Abuso do álcool maltrata o corpo e agrava risco de doenças crônicas

Na tarde do dia 23 de julho, a cantora inglesa Amy Winehouse foi encontrada sem vida em  sua casa no bairro de Camden, Londres (Inglaterra). Embora as causas da morte ainda sejam desconhecidas, a cantora tinha um longo histórico de abuso de drogas. No Brasil, o ex-jogador e craque da Seleção Brasileira Sócrates está internado desde o dia 05, depois de apresentar um quadro de hemorragia digestiva alta. Em comum, uma doença que afeta 12% da população mundial: o alcoolismo.

Se você está se perguntando como uma substância que também é indicada para prevenir doenças do coração, de uso  fundamental em qualquer ritual de socialização, quase tão antiga quanto a humanidade, pode causar tanto estrago, a resposta é simples: o uso descontrolado e em quantidades cada vez maiores do etanol lesiona praticamente quase todas as células do organismo, causando danos diretos como as doenças cerebrais, nervosas, do coração, pâncreas, fígado e estômago, além de potencializar outros problemas como a obesidade, o diabetes, a pressão alta, entre outros.
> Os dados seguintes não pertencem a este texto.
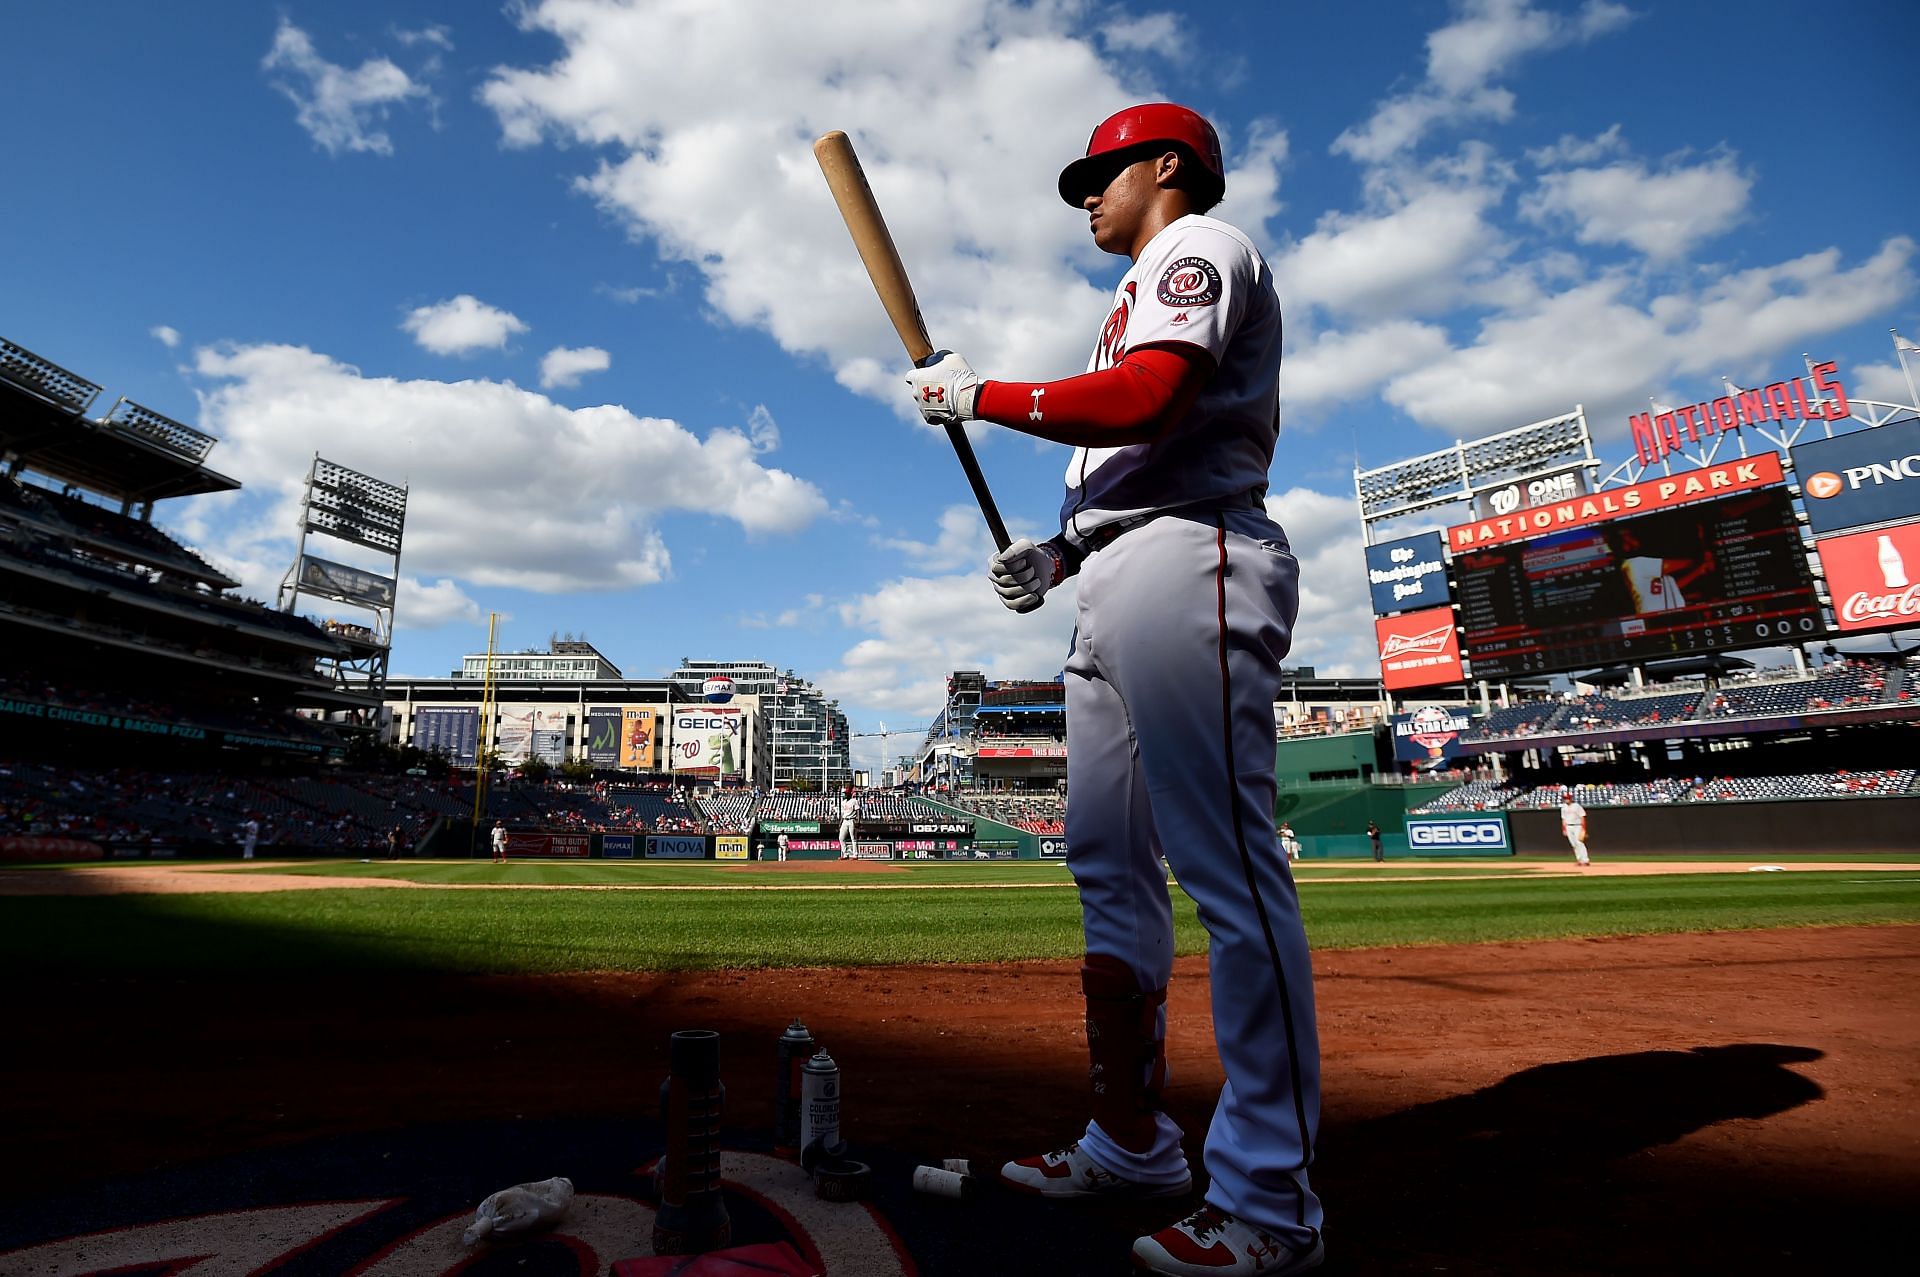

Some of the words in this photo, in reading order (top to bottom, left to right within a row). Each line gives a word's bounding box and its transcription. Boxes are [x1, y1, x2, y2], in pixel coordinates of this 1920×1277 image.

[1162, 258, 1218, 280] WASHINGTON
[1161, 292, 1213, 304] NATIONALS
[1629, 361, 1851, 467] NATIONALS
[1842, 454, 1920, 489] PNC
[1528, 473, 1576, 497] ONE
[1457, 490, 1641, 546] NATIONALS
[1659, 463, 1761, 500] PARK
[1370, 561, 1443, 584] Washington
[1393, 580, 1423, 601] Post
[1650, 578, 1662, 595] 6
[1755, 623, 1770, 637] 0
[1776, 620, 1791, 635] 0
[1799, 617, 1814, 631] 0
[47, 706, 109, 727] CHICKEN
[171, 725, 206, 739] PIZZA
[679, 718, 738, 729] GEICO
[1396, 722, 1415, 736] ALL
[1415, 720, 1441, 734] STAR
[1441, 717, 1470, 732] GAME
[552, 837, 566, 845] THIS
[1413, 825, 1501, 844] GEICO
[604, 842, 631, 850] RE/MAX
[660, 841, 704, 853] INOVA
Pessoas que bebem muito, inclusive, quando param de beber abruptamente promovem no organismo um choque chamado de Resposta Compensatória, que pode levar à morte. De acordo com o psiquiatra e especialista em medicina comportamental Felipe Corchs, isso acontece porque o etanol funciona como um sedativo para o corpo, reduzindo a temperatura e diminuindo a frequência cardíaca. Para compensar a redução e manter a normalidade, o organismo faz com que o coração bata mais rápido e que a temperatura do corpo aumente, mesmo sem a presença de álcool.

“Nessa resposta do corpo, as pessoas sofrem com aumento da pressão arterial, temperatura, arritmias e convulsões”, esclarece o médico.

Causas

Não existe uma única causa que explique por que determinadas pessoas não conseguem controlar o uso do álcool e passam a viver em função do seu uso. Nas palavras do psiquiatra Felipe Corchs, a dependência vai acontecer quando o indivíduo não consegue ter controle sobre a bebida e não consegue fazer nada que não apresente relação com o álcool. “Existem várias fases a serem consideradas quando o assunto é o abuso do álcool mas, na dependência, o indivíduo pode até tentar parar de beber, mas não consegue êxito no seu objetivo”, destaca.

Ele lembra ainda que existem pessoas que não são dependentes, mas que fazem uso e abuso, os chamados heavy drinkers. Explicar como o abuso vira dependência não é fácil, pois, além dos fatores biológicos, sociais, existem os psicológicos.